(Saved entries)

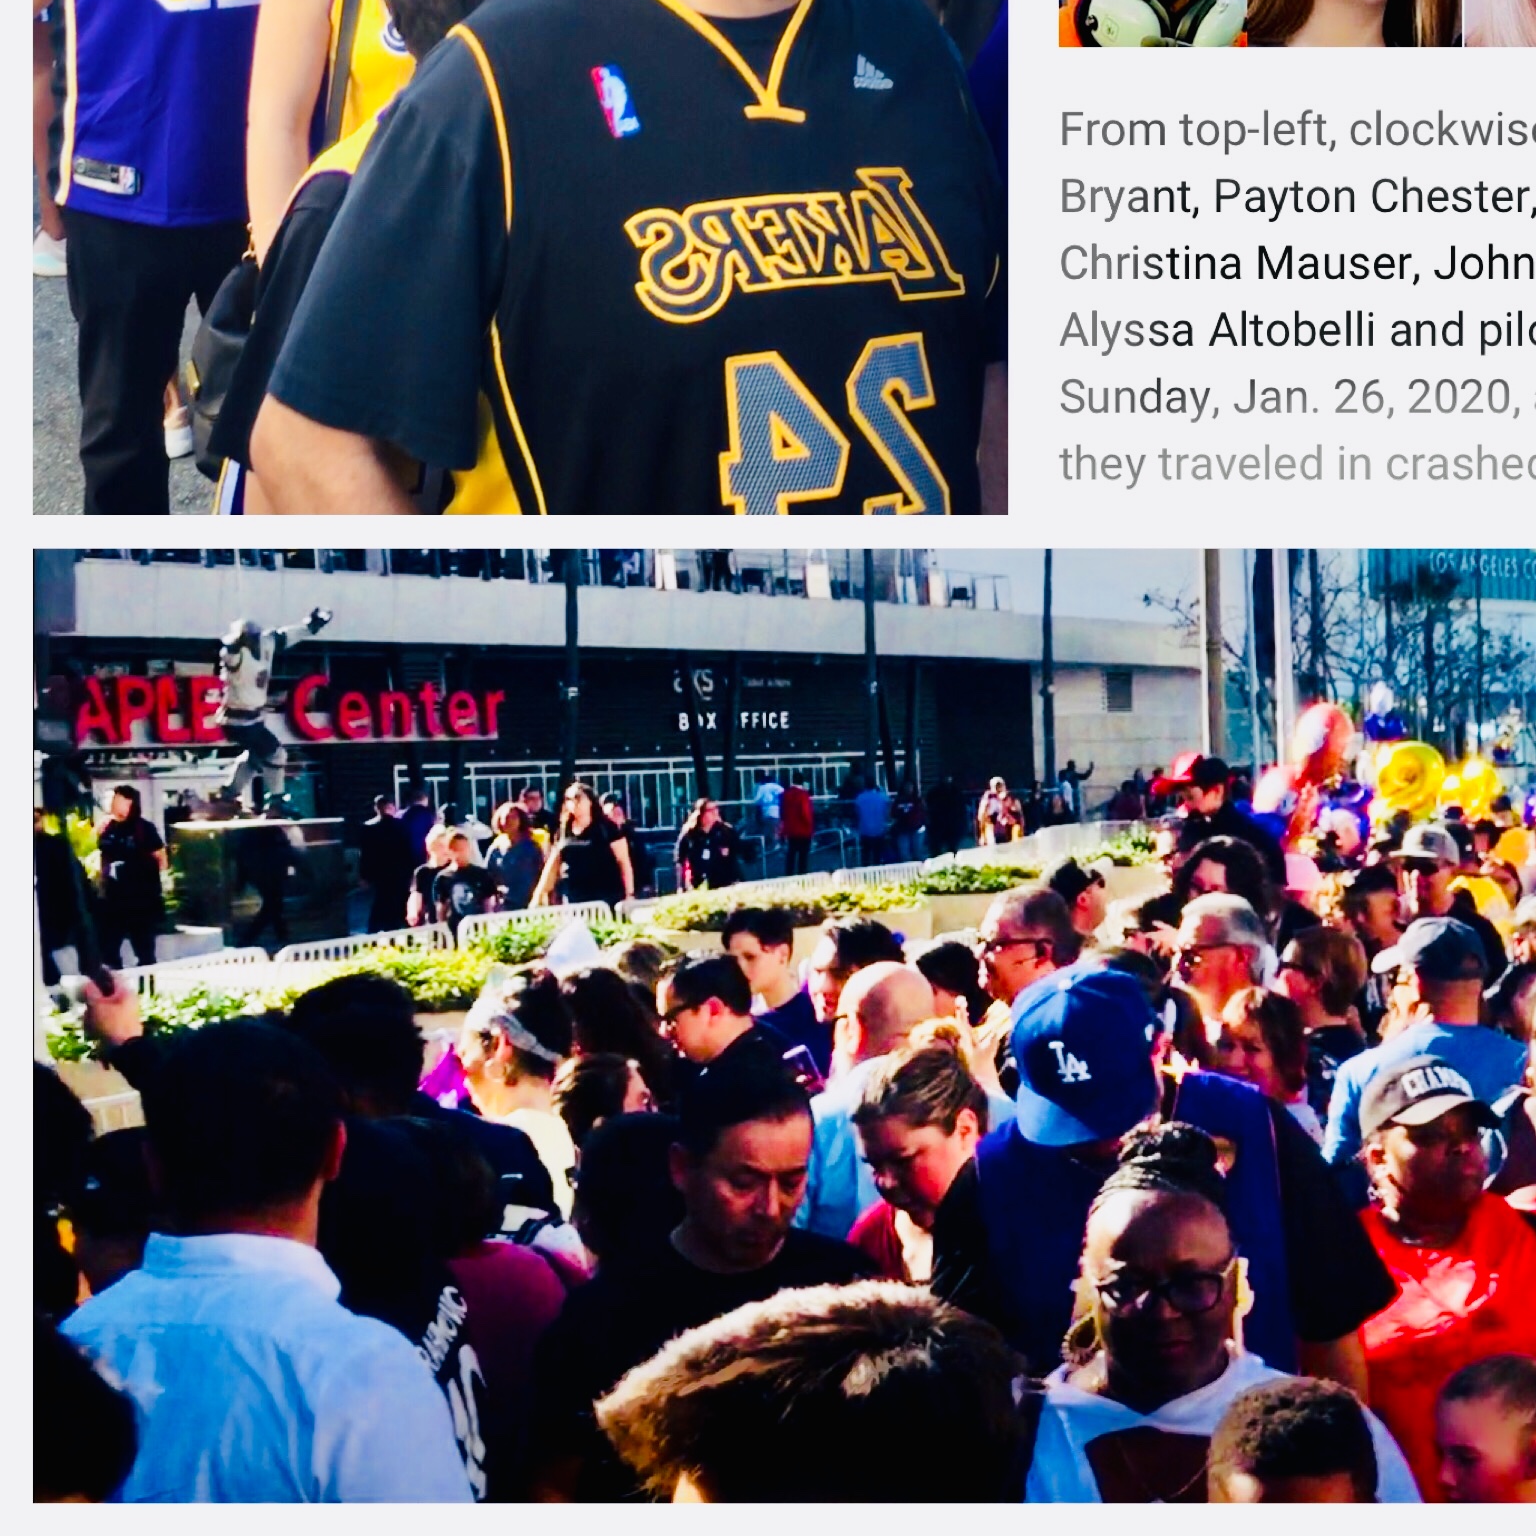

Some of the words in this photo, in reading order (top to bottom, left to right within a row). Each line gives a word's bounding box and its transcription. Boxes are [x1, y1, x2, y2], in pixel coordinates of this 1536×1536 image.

[77, 674, 225, 745] APLE
[290, 672, 505, 741] Center
[1048, 1040, 1091, 1083] LA
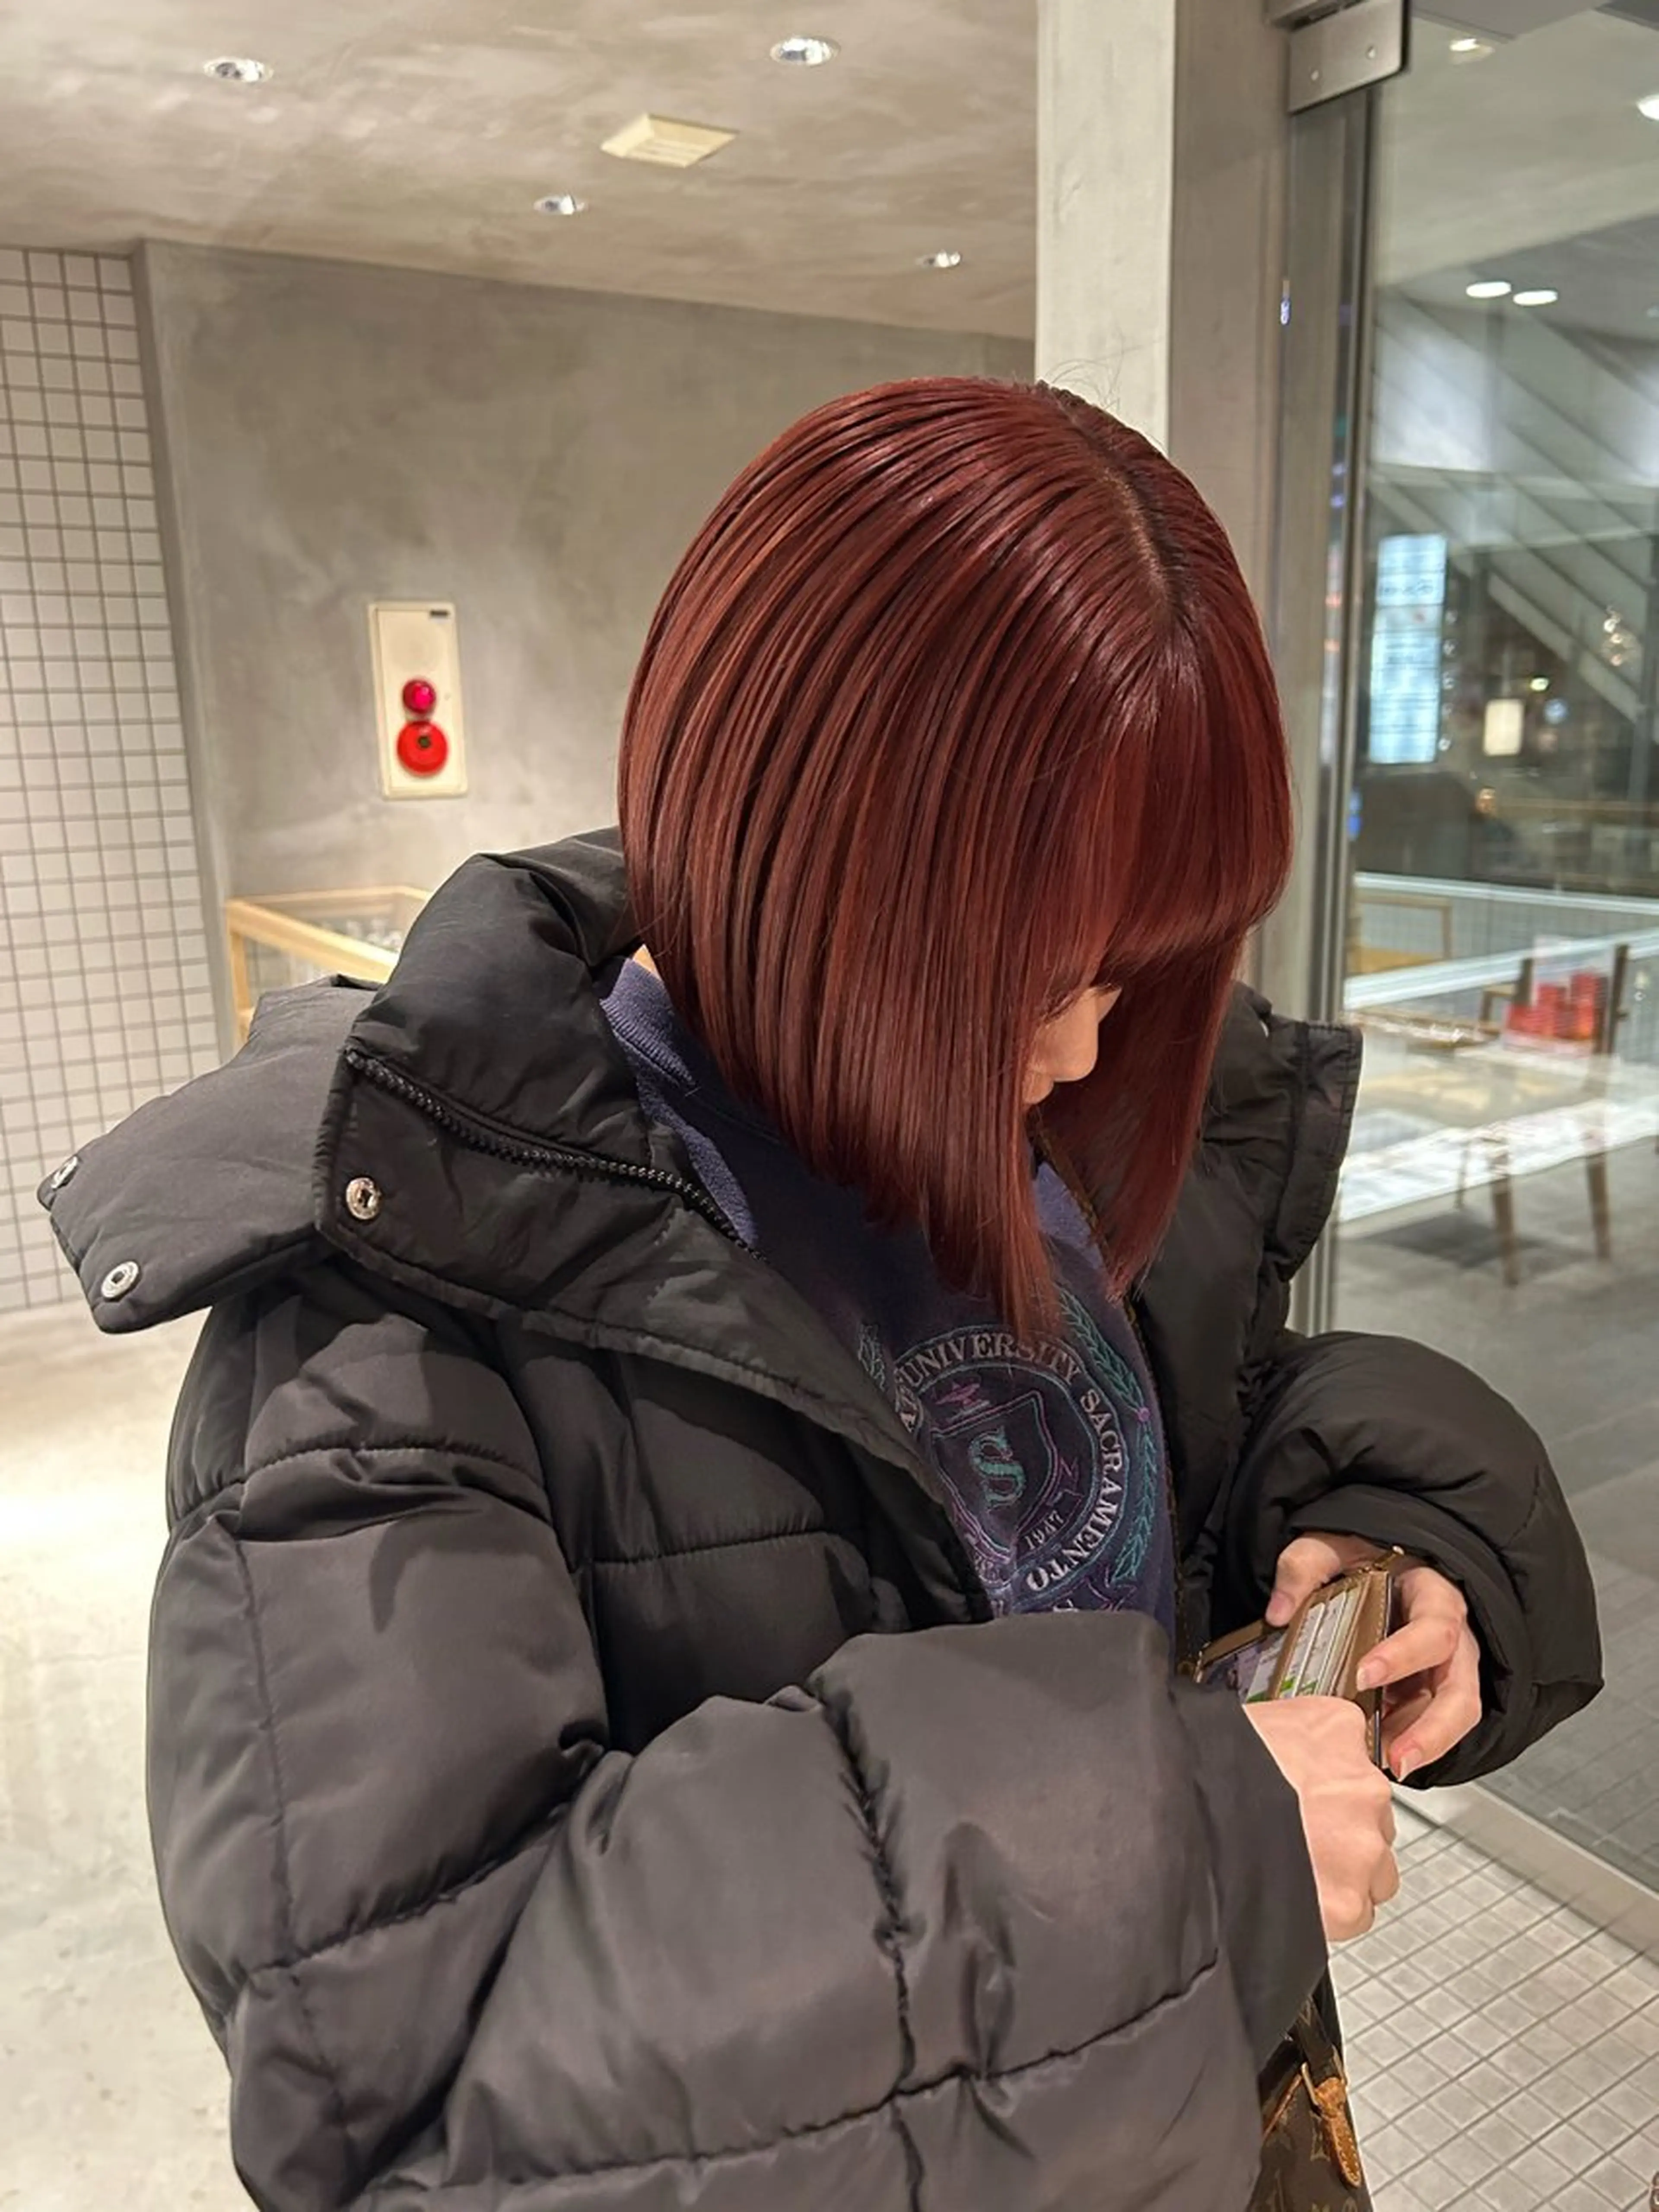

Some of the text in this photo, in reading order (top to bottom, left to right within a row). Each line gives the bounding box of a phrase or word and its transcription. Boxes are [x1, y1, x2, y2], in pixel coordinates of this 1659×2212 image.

[899, 1332, 1081, 1386] UNIVERSITY
[1023, 1389, 1123, 1591] SACRAMENTO
[1024, 1511, 1064, 1550] 1947

(Aim of the exercise):
The response should repeat every entry above exactly and include none of the pictures.

(Response):
Some of the words in this photo, in reading order (top to bottom, left to right within a row). Each line gives a word's bounding box and its transcription. Boxes are [x1, y1, x2, y2], in pixel coordinates of this 1536×1536 image.

[77, 674, 225, 745] APLE
[290, 672, 505, 741] Center
[1048, 1040, 1091, 1083] LA

Some of the text in this photo, in reading order (top to bottom, left to right within a row). Each line gives the bounding box of a phrase or word and its transcription. Boxes are [x1, y1, x2, y2], in pixel coordinates of this 1659×2212 image.

[899, 1332, 1081, 1386] UNIVERSITY
[1023, 1389, 1123, 1591] SACRAMENTO
[1024, 1511, 1064, 1550] 1947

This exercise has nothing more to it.